Identification of a mouse Lactobacillus johnsonii strain with deconjugase activity against the FXR antagonist T-β-MCA

Abstract

Bile salt hydrolase (BSH) activity against the bile acid tauro-beta-muricholic acid (T-β-MCA) was recently reported to mediate host bile acid, glucose, and lipid homeostasis via the farnesoid X receptor (FXR) signaling pathway. An earlier study correlated decreased Lactobacillus abundance in the cecum with increased concentrations of intestinal T-β-MCA, an FXR antagonist. While several studies have characterized BSHs in lactobacilli, deconjugation of T-β-MCA remains poorly characterized among members of this genus, and therefore it was unclear what strain(s) were responsible for this activity. Here, a strain of L. johnsonii with robust BSH activity against T-β-MCA in vitro was isolated from the cecum of a C57BL/6J mouse. A screening assay performed on a collection of 14 Lactobacillus strains from nine different species identified BSH substrate specificity for T-β-MCA only in two of three L. johnsonii strains. Genomic analysis of the two strains with this BSH activity revealed the presence of three bsh genes that are homologous to bsh genes in the previously sequenced human-associated strain L. johnsonii NCC533. Heterologous expression of several bsh genes in E. coli followed by enzymatic assays revealed broad differences in substrate specificity even among closely related bsh homologs, and suggests that the phylogeny of these enzymes does not closely correlate with substrate specificity. Predictive modeling allowed us to propose a potential mechanism driving differences in BSH activity for T-β-MCA in these homologs. Our data suggests that L. johnsonii regulates T-β-MCA levels in the mouse intestinal environment, and that this species may play a central role in FXR signaling in the mouse.

Fig 1. Visual comparisons of L. johnsonii NCK88 and LB1 draft genomes to the reference strain NCC533.

(a) WebACT visualization of genome similarity of NCK88 and LB1 to NCC533 based on BlastN analysis with a minimum match size of 100 nucleotides. Red bars indicate matches in the same orientation, and blue bars indicate matches in the reverse orientation. (b and c) Dot plots representing the maximum unique matches (MUMs) of the six frame amino acid translations of LB1(b) and NCK88 (c) draft genomes relative to NCC533. Forward MUMs are plotted as red lines/dots while reverse MUMs are plotted as blue lines/dots. A line of dots with slope of 1 represents an undisturbed segment of conservation between the two sequences and a line with a slope of -1 represents an inverted segment of conservation between the two sequences.

Fig 2. Phylogenetic analysis of Lactobacillus BSH sequences by maximum likelihood method.

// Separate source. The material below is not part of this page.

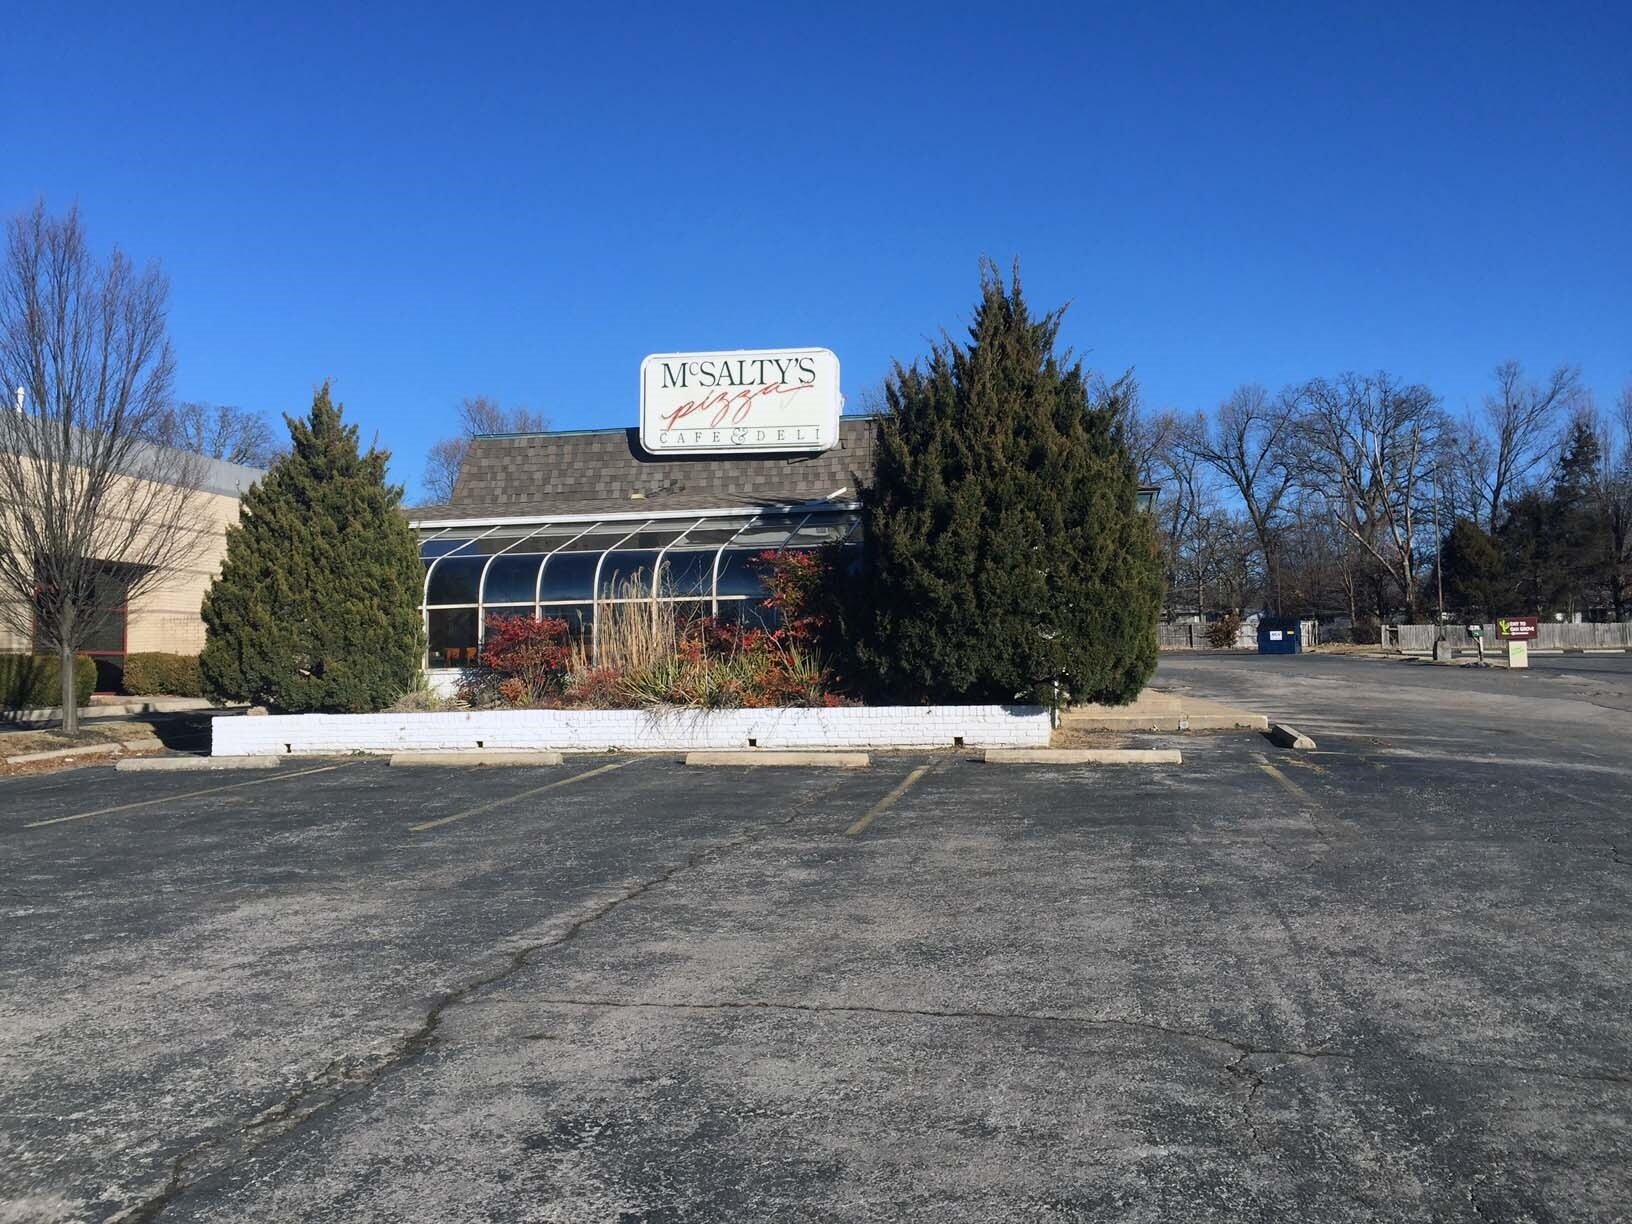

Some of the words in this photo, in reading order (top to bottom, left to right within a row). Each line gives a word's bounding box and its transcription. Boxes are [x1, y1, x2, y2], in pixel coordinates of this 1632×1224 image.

The evolutionary history of BSHs encoded by Lactobacillus strains screened in our in vitro assay was inferred by using the Maximum Likelihood method based on the Le Gascuel 2008 model [17]. The tree with the highest log likelihood (-8040.5390) is shown. Initial trees for the heuristic search were obtained automatically by applying Neighbor-Join and BioNJ algorithms to a matrix of pairwise distances estimated using a JTT model, and then selecting the topology with superior log likelihood value. A discrete Gamma distribution was used to model evolutionary rate differences among sites (3 categories (+G, parameter = 2.2994)). The rate variation model allowed for some sites to be evolutionarily invariable ([+I], 4.7893% sites). The tree is drawn to scale, with branch lengths measured in the number of substitutions per site. The analysis involved 19 amino acid sequences. All positions containing gaps and missing data were eliminated. There were a total of 297 positions in the final dataset. Evolutionary analyses were conducted in MEGA6 [18].

Fig 3. Visualizations of model differences in BSH substrate interactions with T-β-MCA.

(a) Depiction of residue side chains within a 4Å radius of the T-β-MCA ring structure in the substrate binding pocket of enzymes with activity against T-β-MCA. LB1 BSHC is in blue, LB1 BSHB is in green, NCK88 BSHB is in yellow, and T-β-MCA is in grey. Stick depictions of T-β-MCA and amino acid side chains indicate oxygen atoms in red, and nitrogen atoms in dark blue. Hydrogens have been removed to improve visual clarity. (b and c) Cartoon comparisons of LB1 BSHC (b) and NCK88 BSHC (c) with T-β-MCA in the binding pocket. YASSARA models energetically minimized to T-β-MCA are depicted in blue (LB1 BSHC) and magenta (NCK88 BSHC), and the range of loop movements for each model based on CABS-flex simulations is depicted in grey. Occlusion of the substrate binding pocket by the loop structure in NCK88 BSHC is indicated in a yellow box in (c).